BDL's Most Interesting Power Rankings: Might the Clippers' ship be sinking?

Let's face it — the best and most powerful teams in the NBA don't really change from week to week. A handful of results in the middle of winter can only mean so much to a franchise's championship hopes. What does shift regularly, though, is how much interest a squad can hold over the course of a season. Every Monday, BDL's Most Interesting Power Rankings track the teams most worthy of your attention.

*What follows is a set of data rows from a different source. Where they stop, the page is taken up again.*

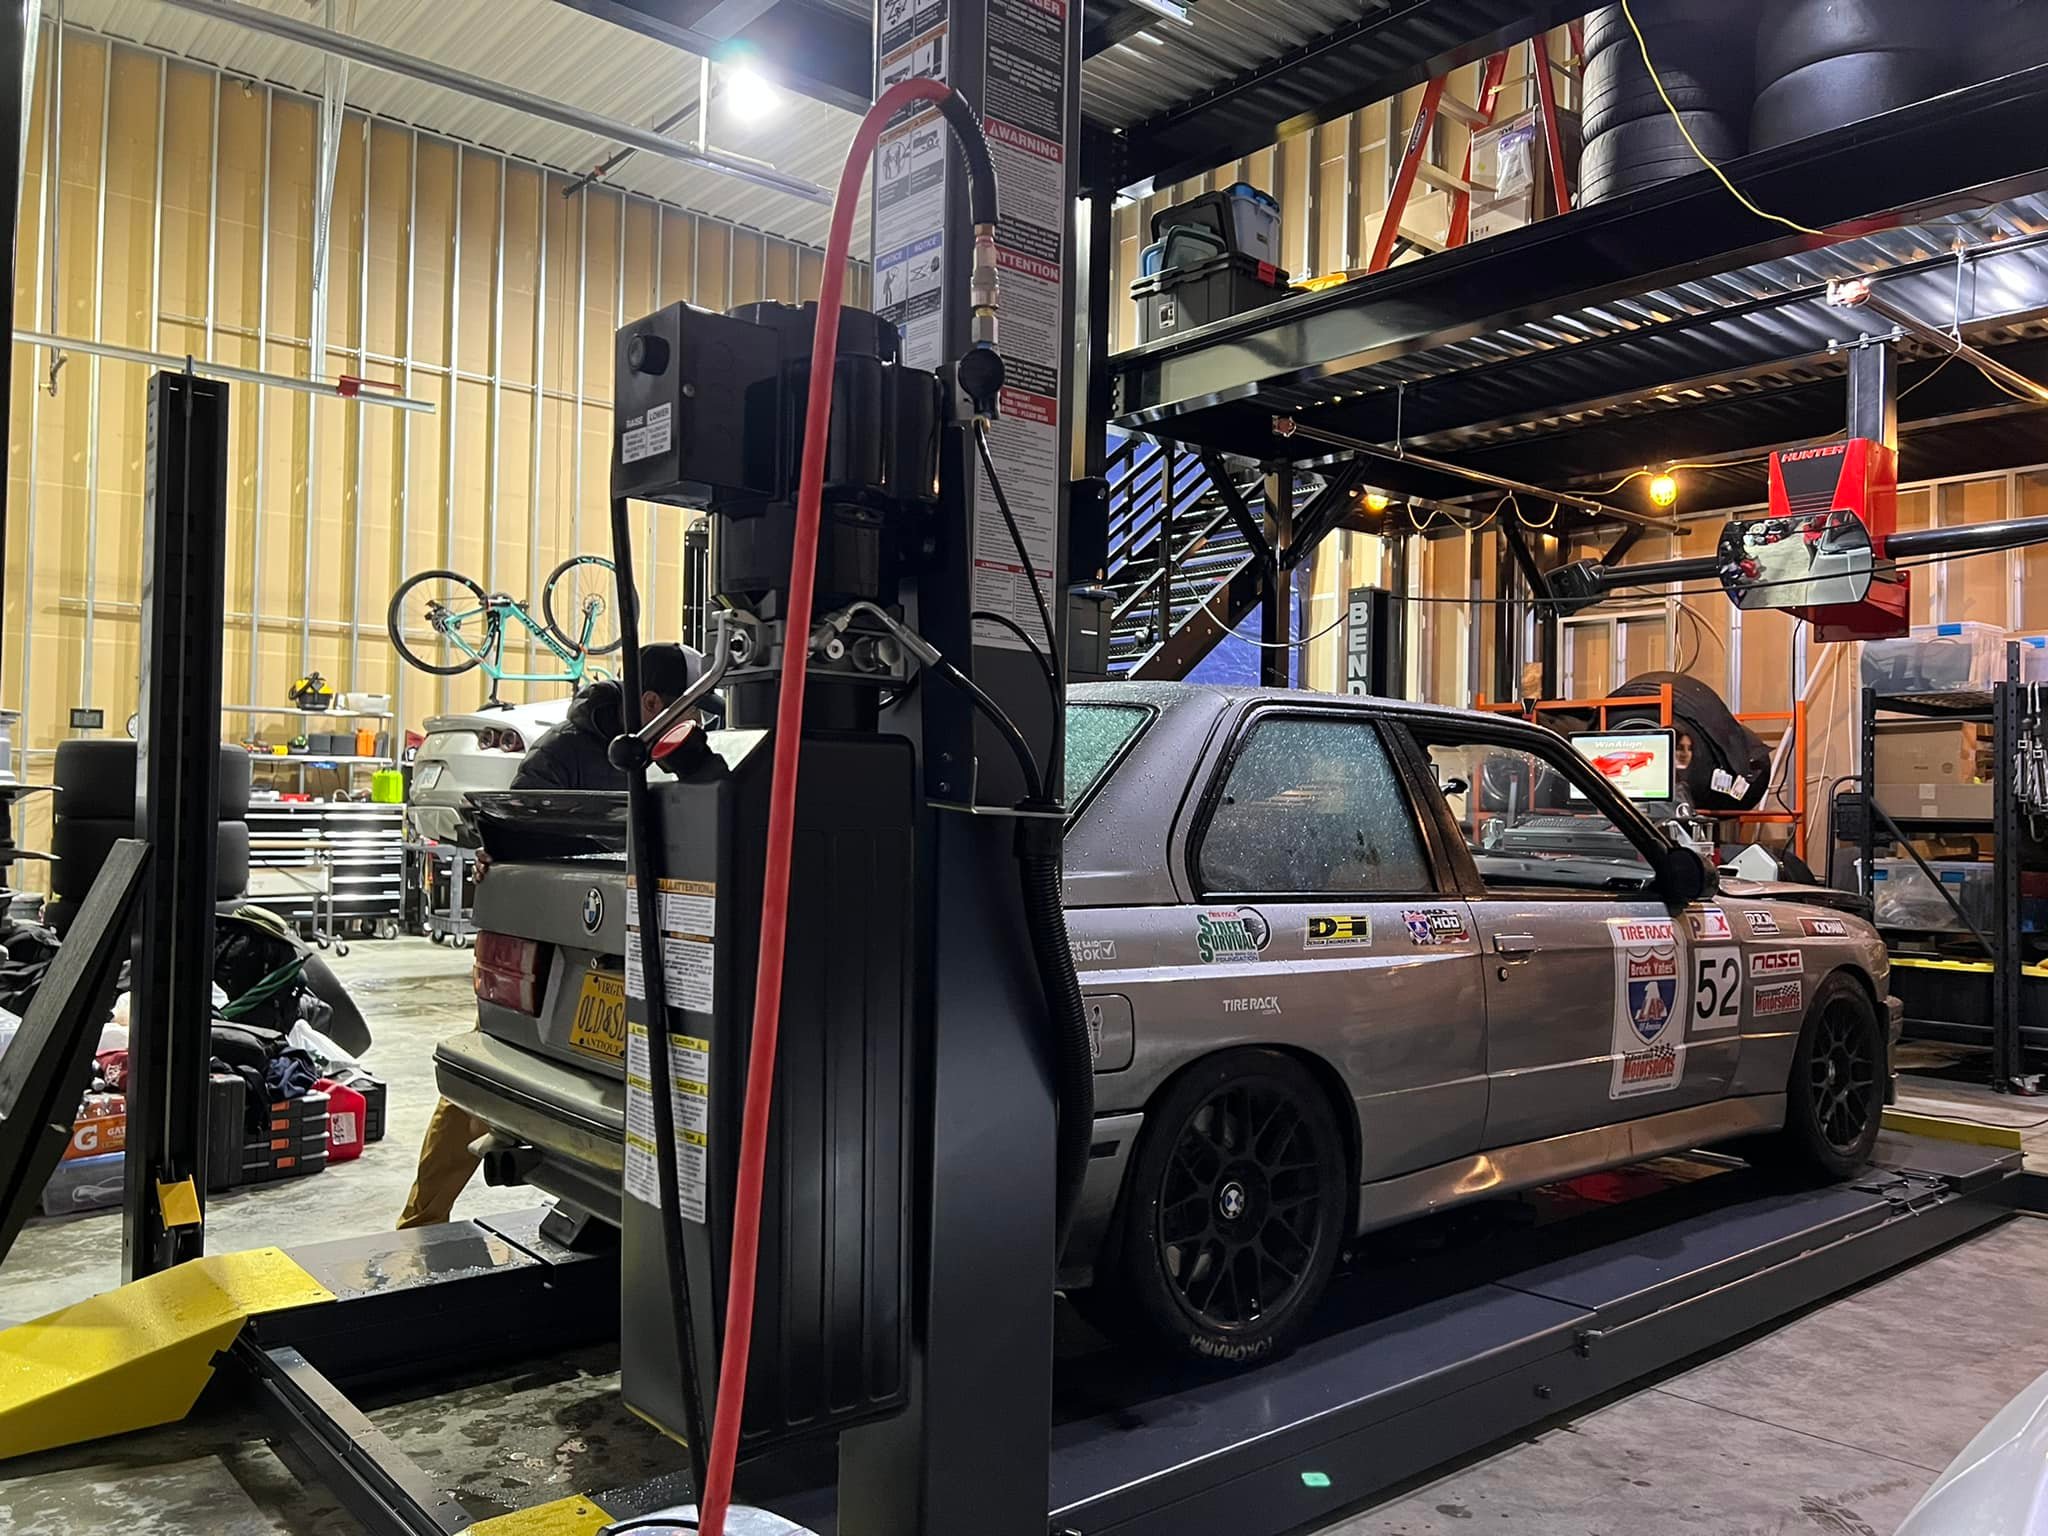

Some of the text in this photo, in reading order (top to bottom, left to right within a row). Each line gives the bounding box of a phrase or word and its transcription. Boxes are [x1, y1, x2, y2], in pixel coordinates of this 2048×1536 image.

[1000, 125, 1059, 158] WARNING
[1781, 446, 1845, 463] HUNTER
[1197, 914, 1246, 936] STREET
[1617, 925, 1679, 945] TIRE RACK
[1083, 949, 1100, 961] OK
[1198, 933, 1256, 962] SURVIVAL
[1630, 963, 1652, 976] Brock
[1696, 958, 1741, 1020] 52
[1223, 996, 1281, 1014] TIRE RACK
[74, 1124, 98, 1151] G

1. Los Angeles Clippers (6-7; last week: 27): After successfully bringing DeAndre Jordan back into the fold this summer, many expected the Clippers to return to form as a mid-to-high-50-win team considered one of the NBA's few true title contenders. But after losing three straight, five of six and seven of nine, headlined by a pair of dispiriting losses to the Golden State Warriors, L.A.'s under .500 after 13 games for the first time since Chris Paul came to town, and under .500, period, for the first time since Doc Rivers took over. Folks are frustrated.

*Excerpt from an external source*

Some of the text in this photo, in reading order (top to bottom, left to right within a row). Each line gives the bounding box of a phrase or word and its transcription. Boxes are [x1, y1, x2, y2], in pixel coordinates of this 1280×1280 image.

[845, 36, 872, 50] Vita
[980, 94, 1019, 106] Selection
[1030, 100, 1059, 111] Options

Dan Woike of the Orange County Register reported that, after a Sunday matinee loss to the Toronto Raptors during which the Clips trailed by as many as 29 points, reserve forward Josh Smith was "involved in a frustration-fueled argument" with "an unspecified Clipper coach," with "profanities and yelling" audible through the Clippers' locker room walls. Smith, Paul Pierce and Lance Stephenson — three veterans imported this summer to bolster a lacking bench — have all struggled to fill their new roles. The CP3-Blake Griffin Clippers have always been led by their potent offense, but their defense now lags something fierce, ranking 22nd among 30 NBA teams in points allowed per possession, according to's stat tool.

It almost seems like, after losing that massive lead to the Warriors, the Clippers have collectively short-circuited; for all their talent and experience, the club looks rudderless right now.

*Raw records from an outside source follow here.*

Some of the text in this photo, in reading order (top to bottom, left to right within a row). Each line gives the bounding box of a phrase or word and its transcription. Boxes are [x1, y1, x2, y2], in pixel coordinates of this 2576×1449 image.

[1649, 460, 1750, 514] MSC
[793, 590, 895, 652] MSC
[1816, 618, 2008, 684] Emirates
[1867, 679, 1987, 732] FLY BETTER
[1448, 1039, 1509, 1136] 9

"The good thing about it is, this isn't game 80, 81 or 82," Paul said Sunday, according to Kevin Baxter of the Los Angeles Times. "We have time. And nobody's going to feel sorry for us."

After a rough week, though, you'd forgive him for taking a moment to feel sorry for himself.

2. Golden State Warriors (15-0; last week: 2): Eric Freeman's parting words on the Dubs in last week's rankings: "Keep an eye on them until they lose, at the very least." Well, we're still watching.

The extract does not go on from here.